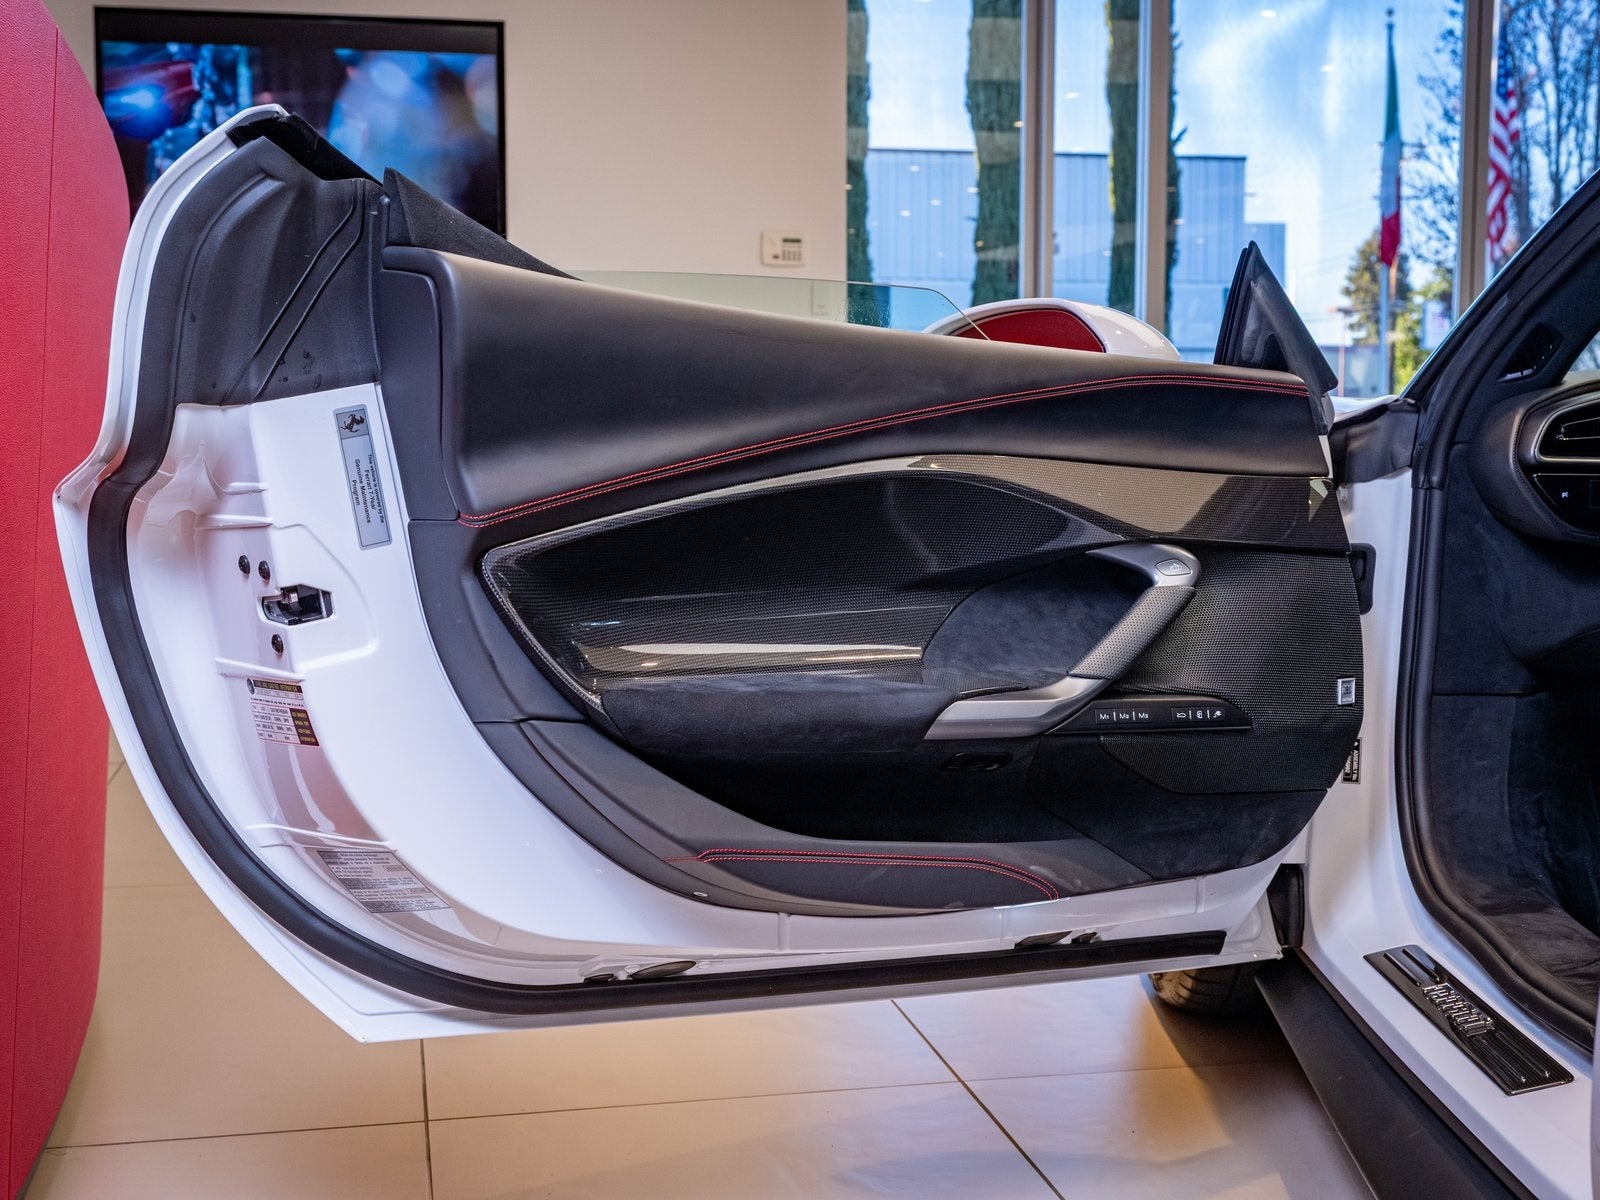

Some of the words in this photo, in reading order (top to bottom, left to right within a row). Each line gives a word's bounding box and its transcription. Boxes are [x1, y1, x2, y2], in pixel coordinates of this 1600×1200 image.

[355, 458, 363, 484] Genuine
[360, 486, 372, 524] Maintenance
[364, 469, 372, 490] Ferrari
[352, 480, 360, 506] Program
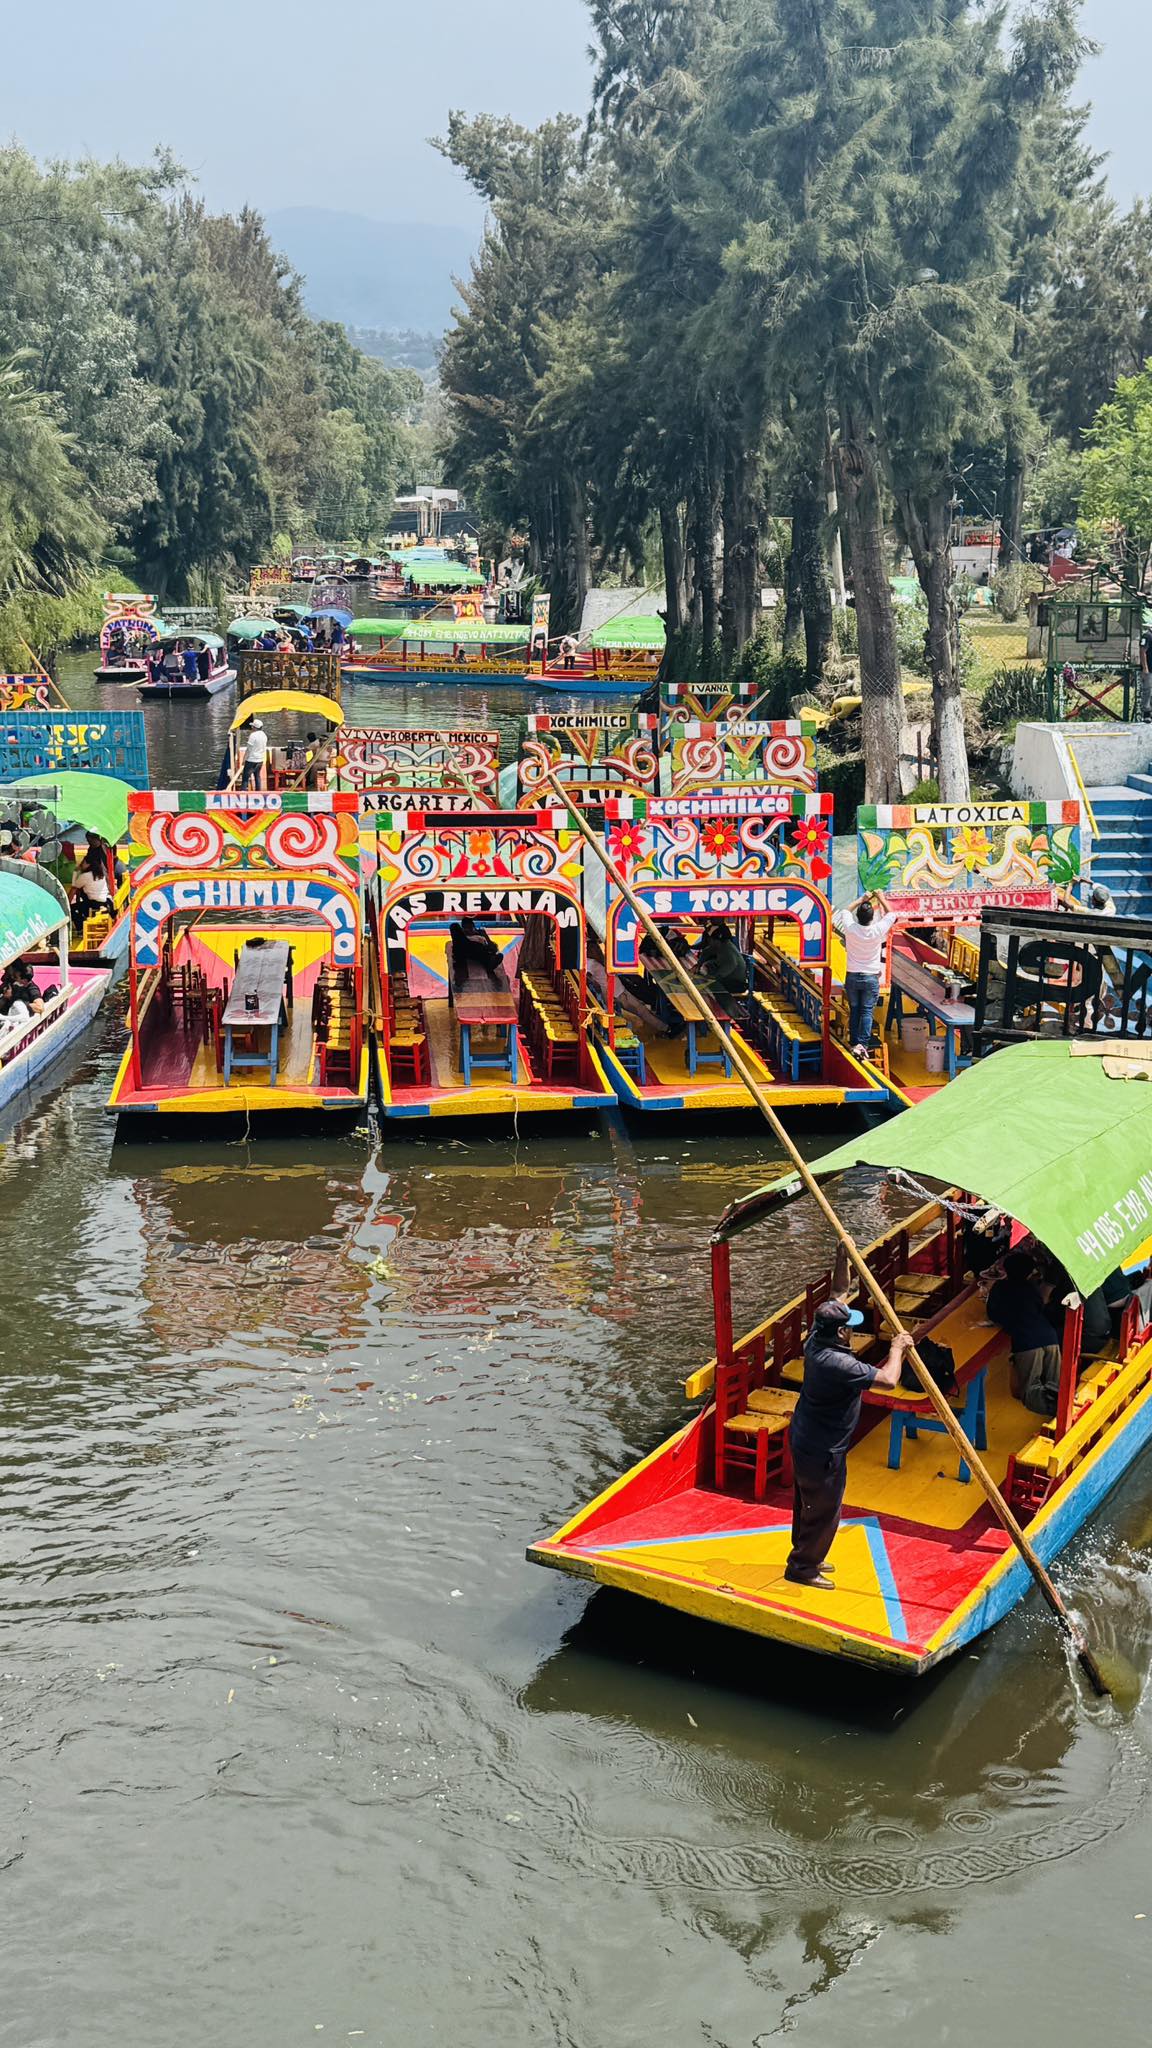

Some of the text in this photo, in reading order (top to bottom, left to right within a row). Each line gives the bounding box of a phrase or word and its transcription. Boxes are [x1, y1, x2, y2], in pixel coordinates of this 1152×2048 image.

[691, 684, 729, 693] IVANNA
[551, 716, 627, 727] XOCHIMILCO
[716, 722, 771, 736] LINDA
[342, 730, 488, 743] VIVA ROBERTO MEXICO
[206, 793, 282, 810] LINDO
[363, 794, 473, 811] ARGARITA
[650, 797, 789, 816] XOCHIMILCO
[135, 879, 357, 957] XOCHIMILCO
[388, 890, 579, 949] LAS REYNAS
[689, 889, 822, 941] TOXICAS
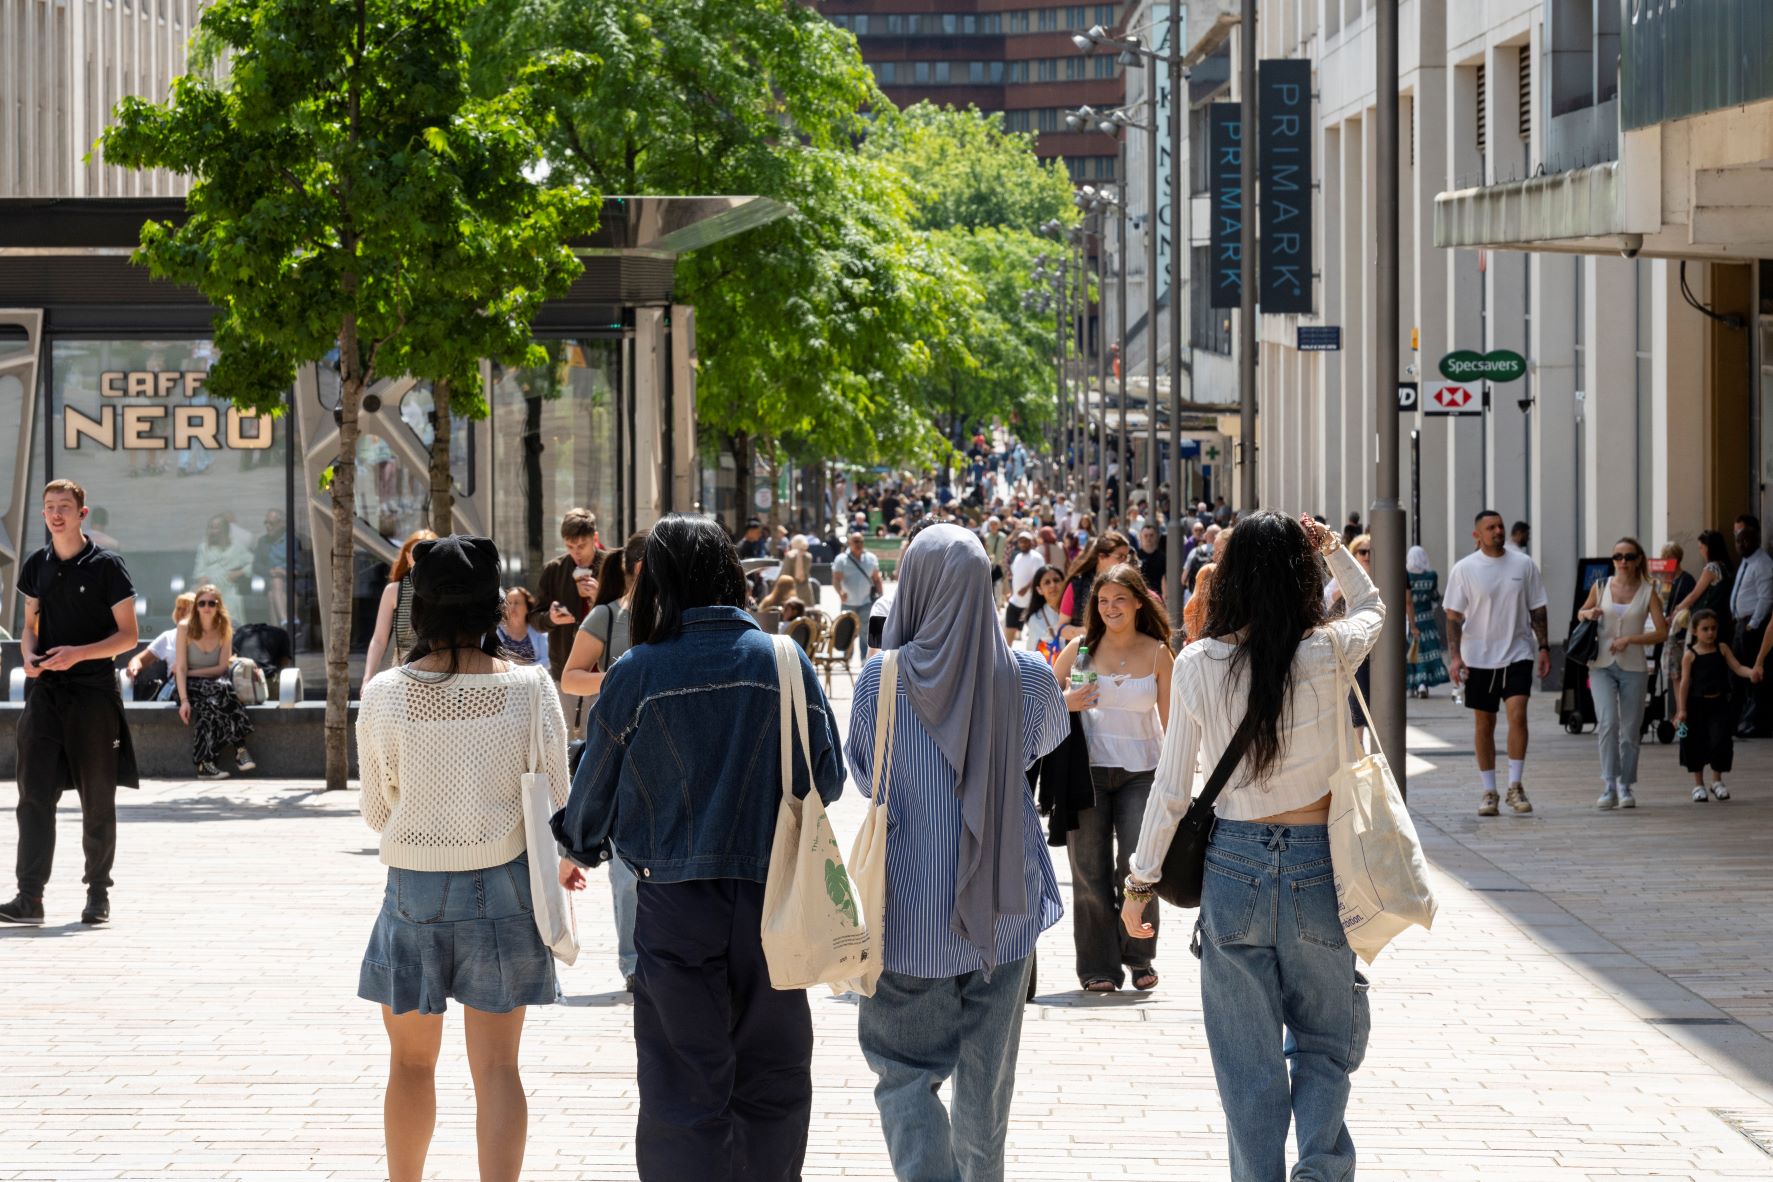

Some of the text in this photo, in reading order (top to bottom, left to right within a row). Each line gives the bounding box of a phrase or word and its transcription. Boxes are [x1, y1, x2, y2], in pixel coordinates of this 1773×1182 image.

[1220, 121, 1242, 288] PRIMARK
[1272, 83, 1300, 288] PRIMARK
[101, 372, 208, 397] CAFF
[1447, 359, 1519, 374] Specsavers
[64, 405, 274, 450] NERO
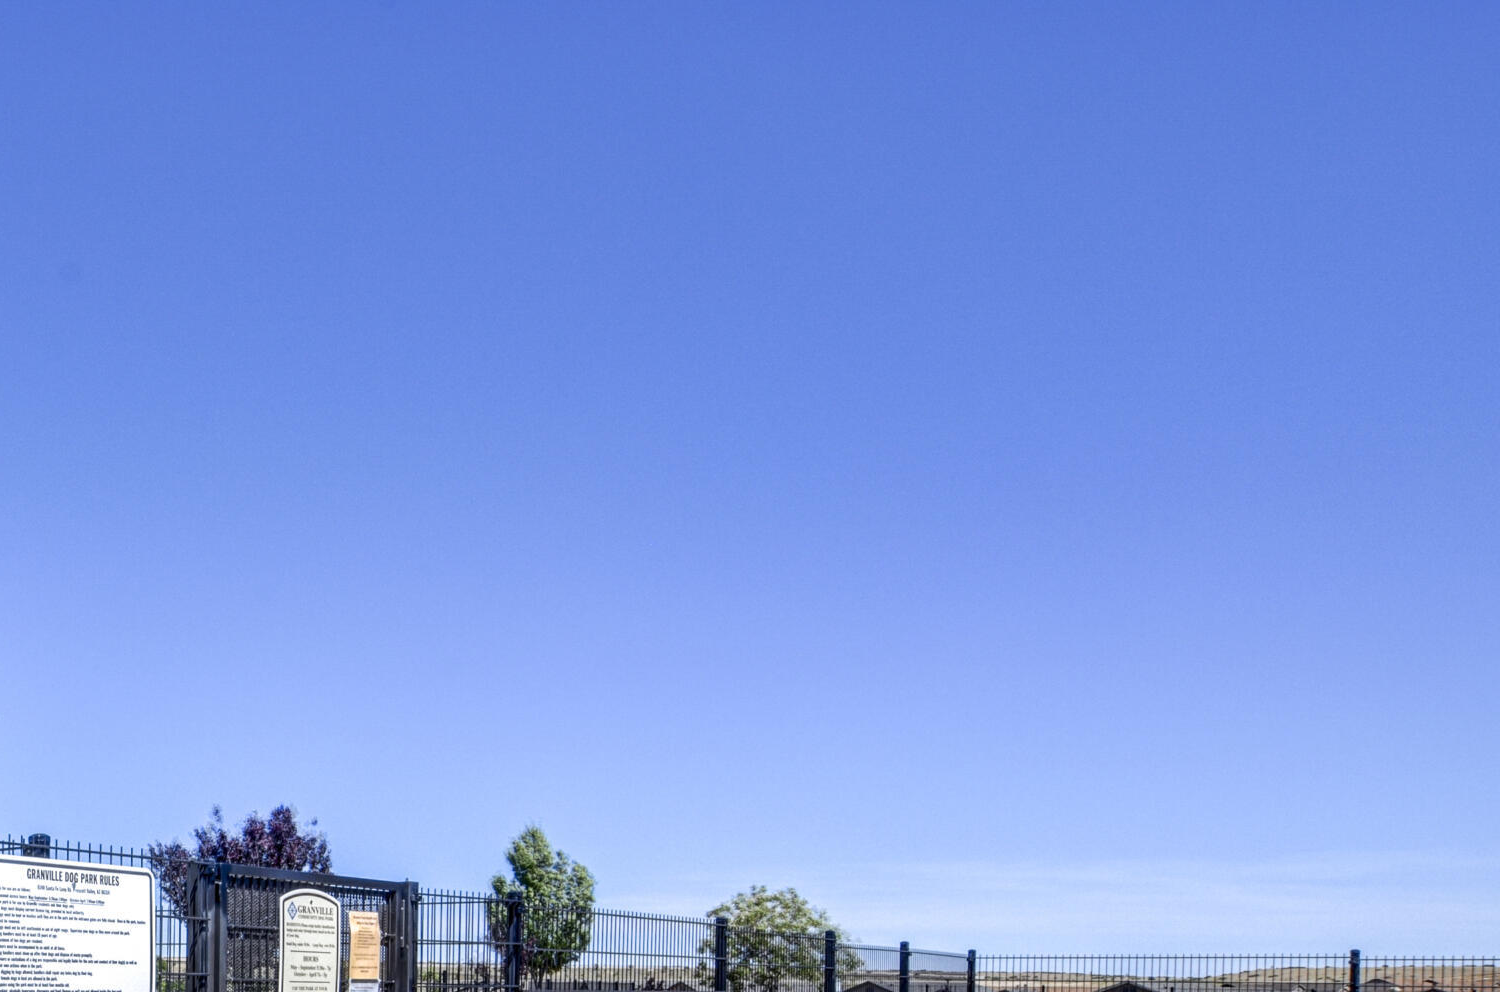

---------------

• Assigned task
Please retype, exactly and with the pictures left out, the lines from the line containing "this 1152×2048 image." through the last line of the records above.

• Output for this task
Some of the text in this photo, in reading order (top to bottom, left to right within a row). Each line gives the bounding box of a phrase or word and its transcription. Boxes are [x1, y1, x2, y2], in pixel coordinates of this 1152×2048 image.

[691, 684, 729, 693] IVANNA
[551, 716, 627, 727] XOCHIMILCO
[716, 722, 771, 736] LINDA
[342, 730, 488, 743] VIVA ROBERTO MEXICO
[206, 793, 282, 810] LINDO
[363, 794, 473, 811] ARGARITA
[650, 797, 789, 816] XOCHIMILCO
[135, 879, 357, 957] XOCHIMILCO
[388, 890, 579, 949] LAS REYNAS
[689, 889, 822, 941] TOXICAS

Some of the text in this photo, in reading order (top to bottom, left to right within a row). Each line gives the bounding box of a phrase or word and its transcription. Boxes are [x1, y1, x2, y2], in pixel coordinates of this 1773×1182 image.

[1220, 121, 1242, 288] PRIMARK
[1272, 83, 1300, 288] PRIMARK
[101, 372, 208, 397] CAFF
[1447, 359, 1519, 374] Specsavers
[64, 405, 274, 450] NERO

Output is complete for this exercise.